Глубынь-городок. Заноза — страница 78 из 79

Но в Москве зима обрушилась стаей голодных снежных пчел. И хотя все знали, что снег этот нестоек, жизни ему, может, только до утра, — он все-таки завладел сейчас городом.

— С каких это пор в Москве на Октябрь идет снег? — повторил Следнев, оборачиваясь, и не дождался ответа.

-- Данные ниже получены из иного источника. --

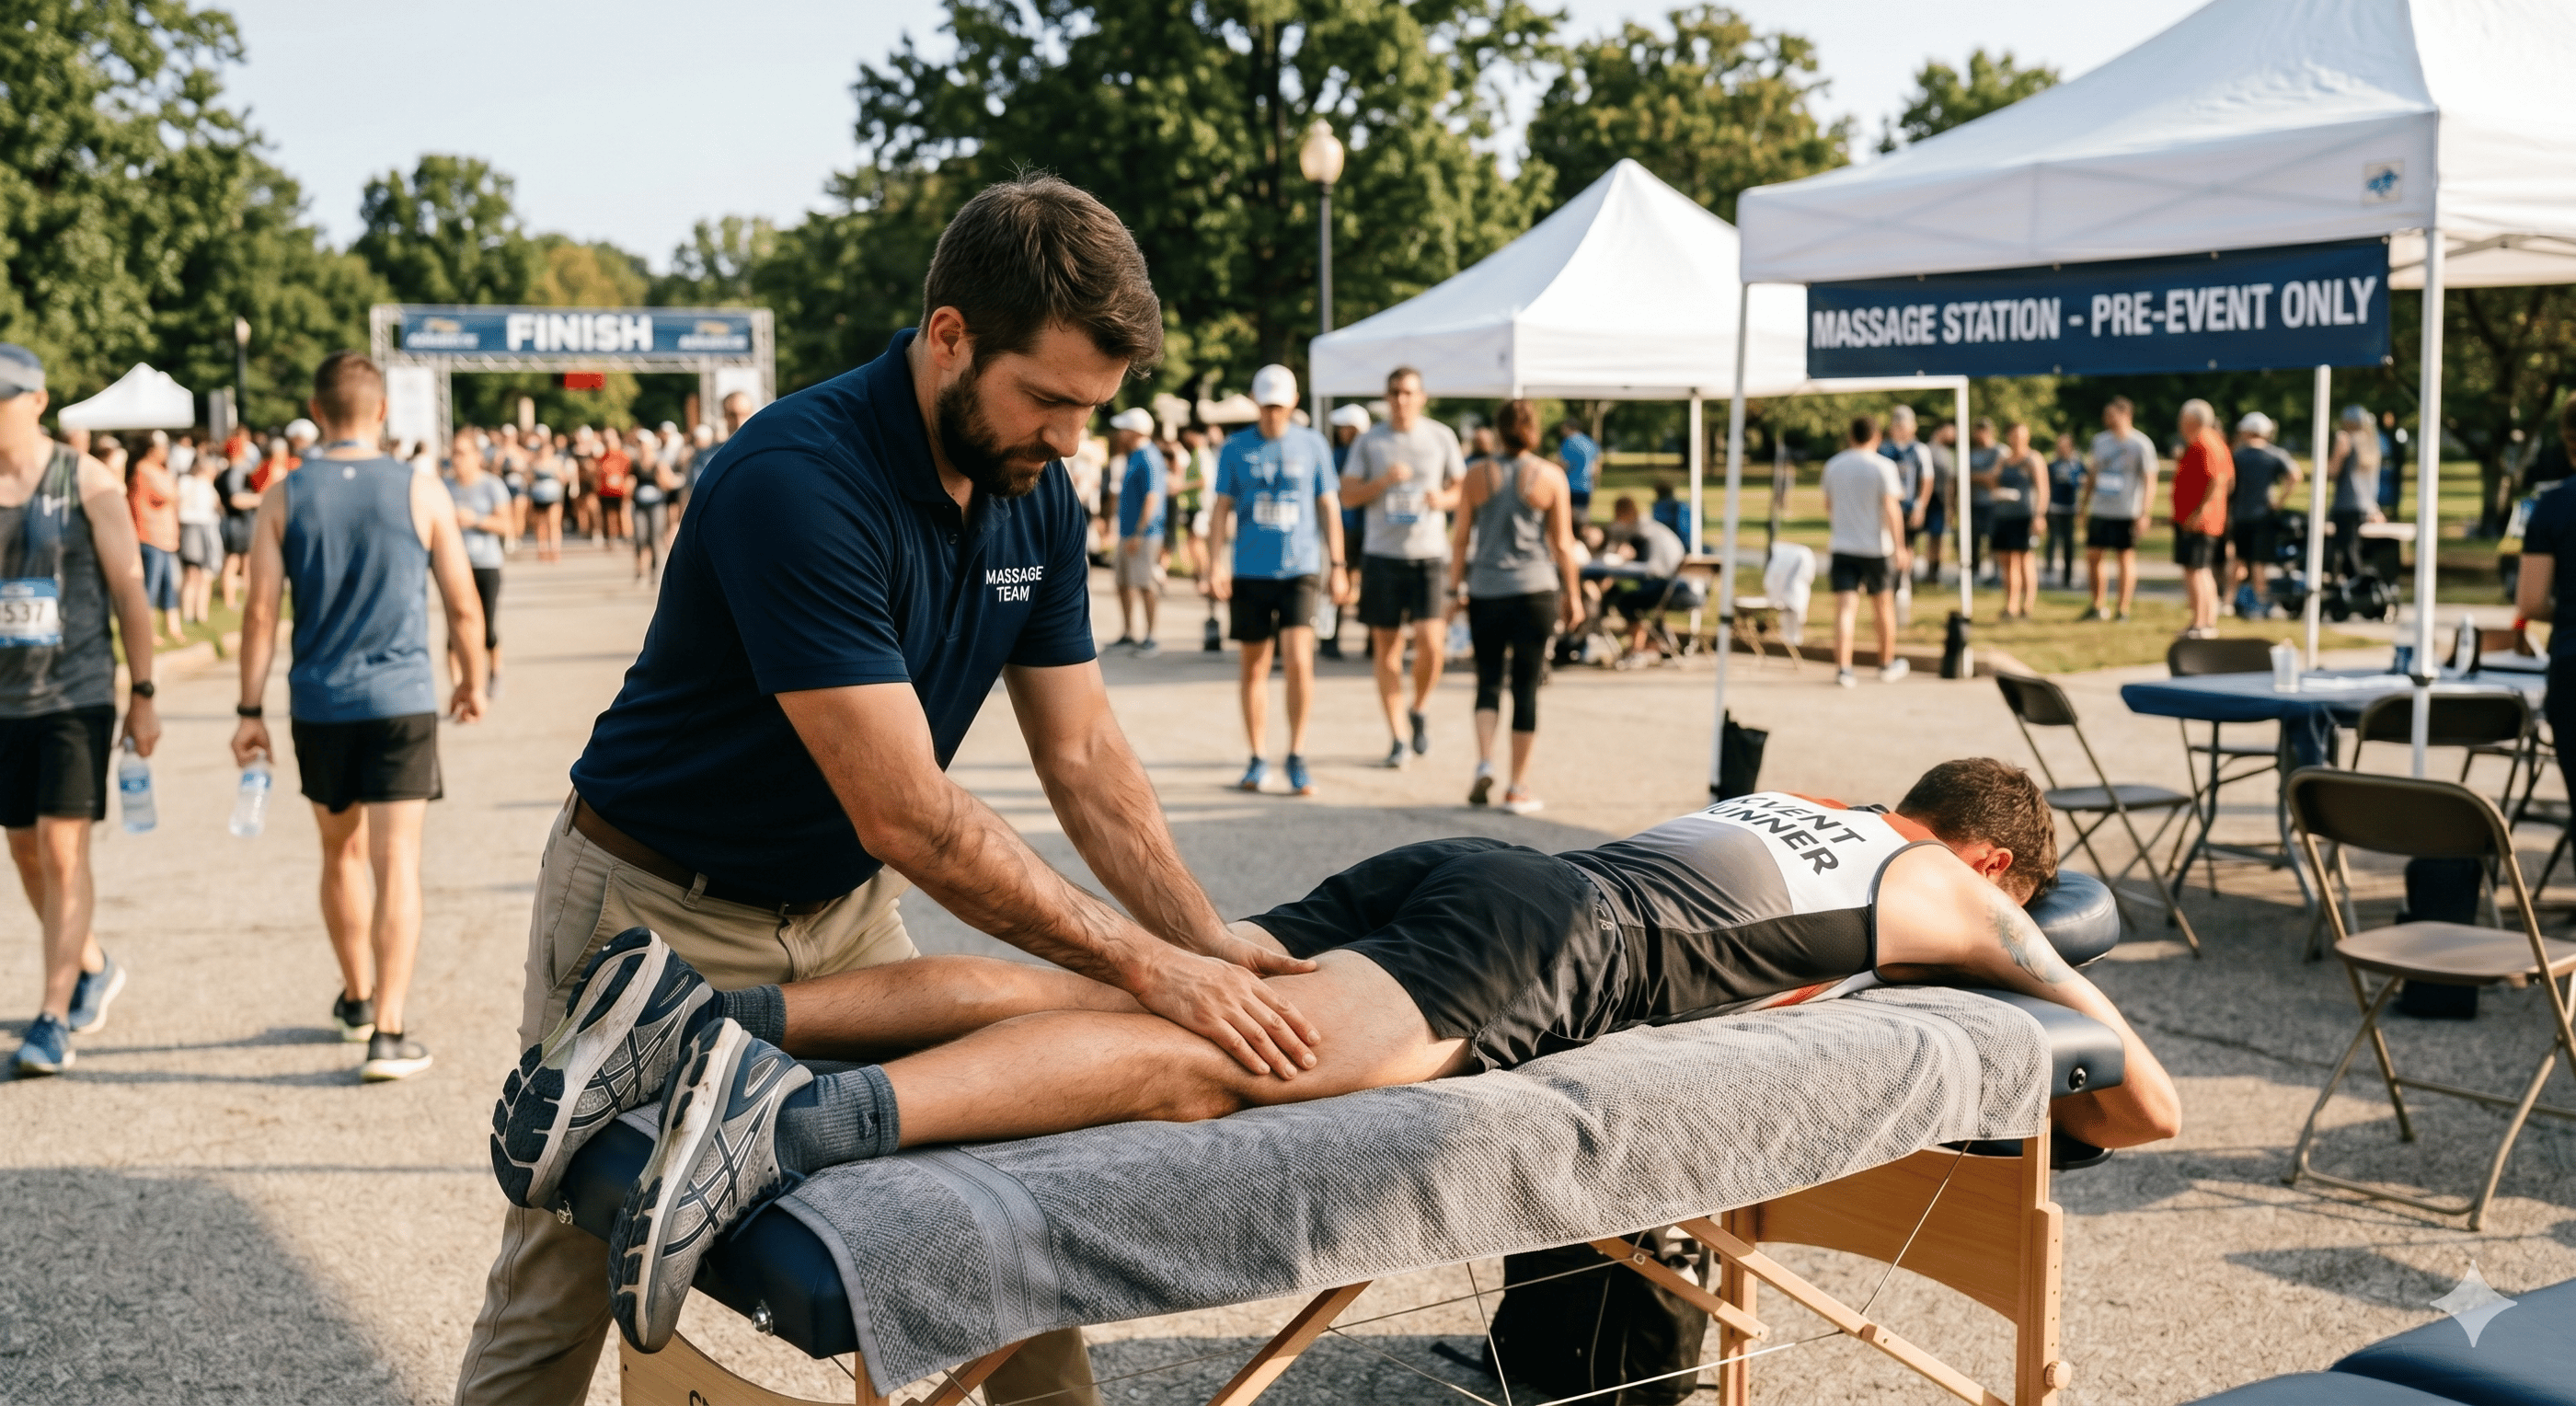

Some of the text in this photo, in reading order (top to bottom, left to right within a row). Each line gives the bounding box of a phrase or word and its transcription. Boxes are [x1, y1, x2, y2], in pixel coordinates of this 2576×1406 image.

[1812, 276, 2378, 349] MASSAGE STATION - PRE-EVENT ONLY
[506, 314, 653, 352] FINISH
[985, 565, 1044, 584] MASSAGE
[996, 585, 1030, 603] TEAM
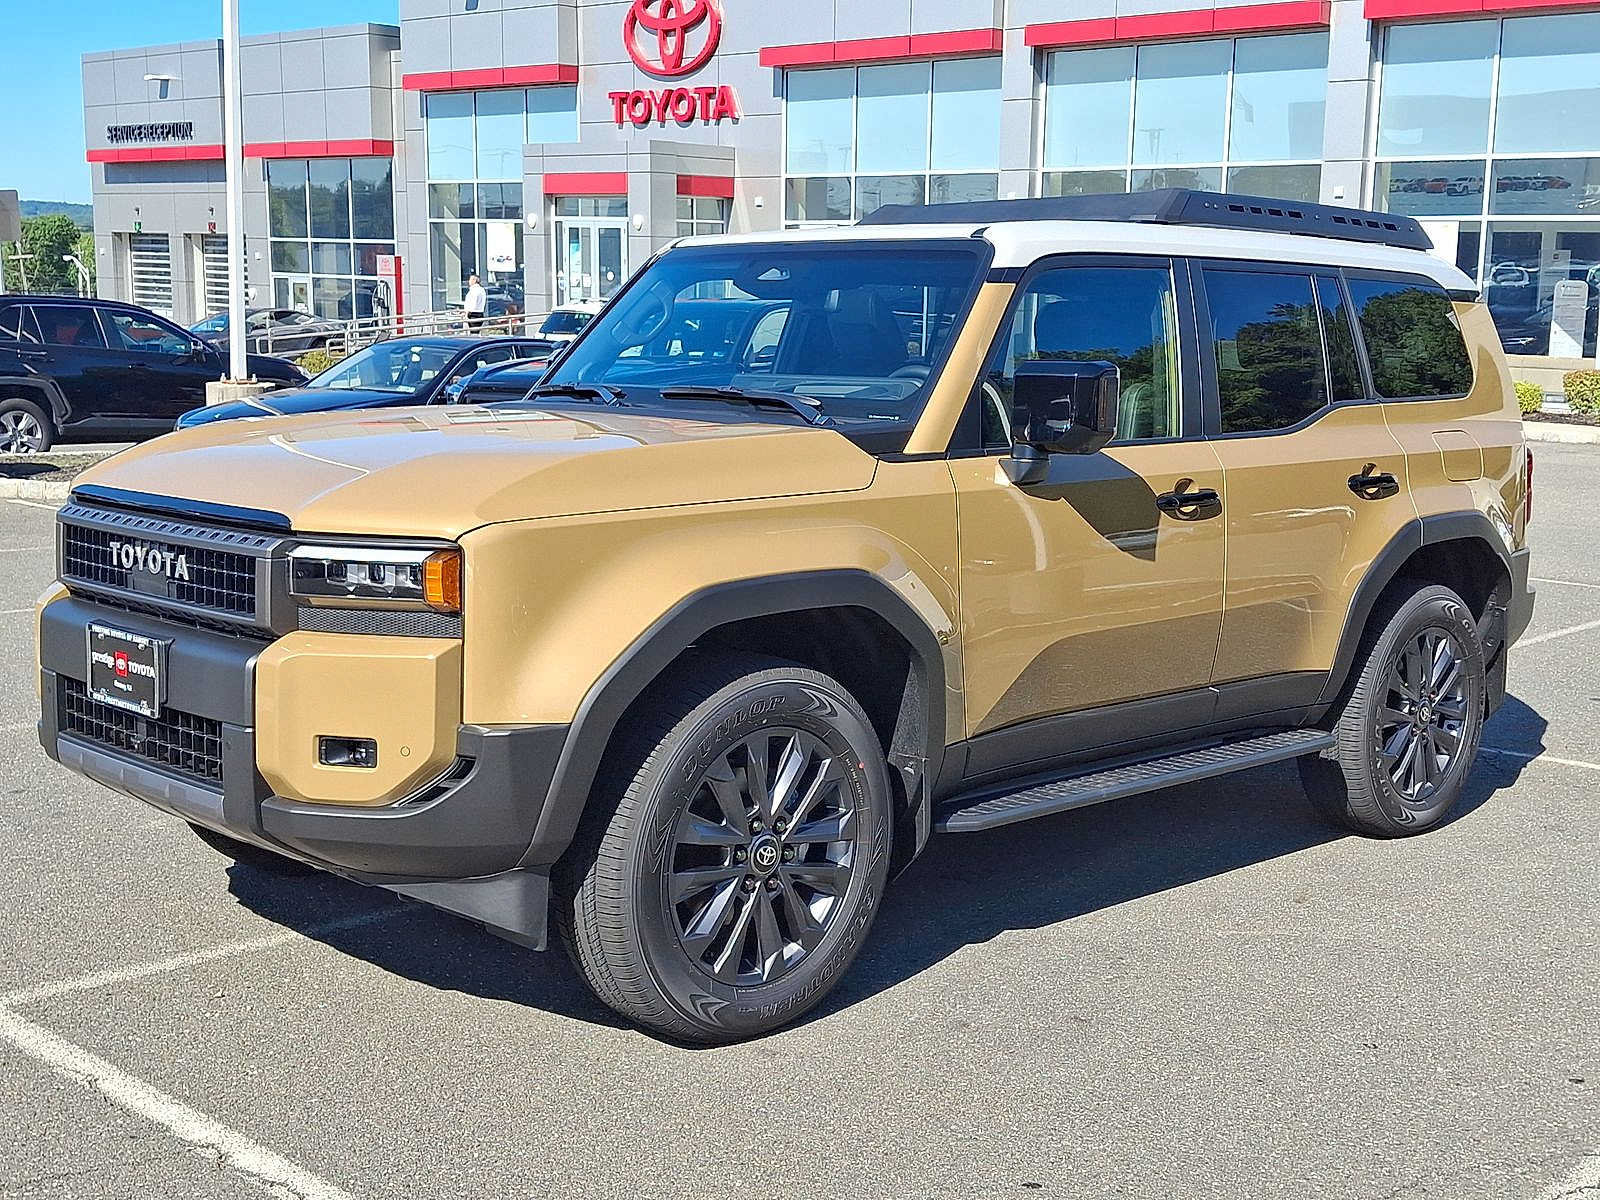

Павел сидел боком у стола, механическим движением вычерчивая пальцем невидимые квадраты. Следнев, не торопясь, критически оглядел его; еще несколько лет назад Павел был очень красив, сейчас заметно тяжелеет. Сколько ему лет? Да, пожалуй, через год-два сравняется сорок. Павлику Теплову сорок лет!

— Вот что, — сказал Следнев с грубоватой лаской, — рассказывай все по порядку, черт!

Павел как бы очнулся и посмотрел на него уже иным, не омертвевшим, а полным живых воспоминаний взглядом; казалось, он жил в прошлом так же естественно, как если б это и было его законным обиталищем, возвращаясь оттуда только временами, как в сны.

— Хорошо. Расскажу, — просто согласился он. — Только ведь это надо с самого начала: как я приехал в тот город и как жил там.

Следнев сделал рукой легкое разрешающее движение: ночь принадлежала им вся, вплоть до белого рассвета.

У воспоминаний своя дорога. Они поднимаются, как волны, и первые — невысокие, работящие, проложившие путь ветру, — вскоре заслоняются одним-единственным девятым валом. Большую волну видно издали; она подходит так медленно, так плавно, покачиваясь темным горбом, и только у самого берега перед камнями, как бы чуя преграду, напружинивается, вспухает — гребень ее, увенчанный белой короной, становится острее лезвия. Она приподнимается на цыпочки; ее шипение похоже на шипение летящего снаряда и предшествует тому пушечному удару, который она обрушит на вас. Нет, ничего не забывается. Ничего не проходит мимо. Пусть, откатываясь, волна памяти дает передышку, становится ненадолго гладкой, похожей на бледно-зеленый мрамор: ее мыльная пена прорезана ветвистыми молниями!

Павел сидел выпрямившись, блестящий взгляд его был вперен в пустоту.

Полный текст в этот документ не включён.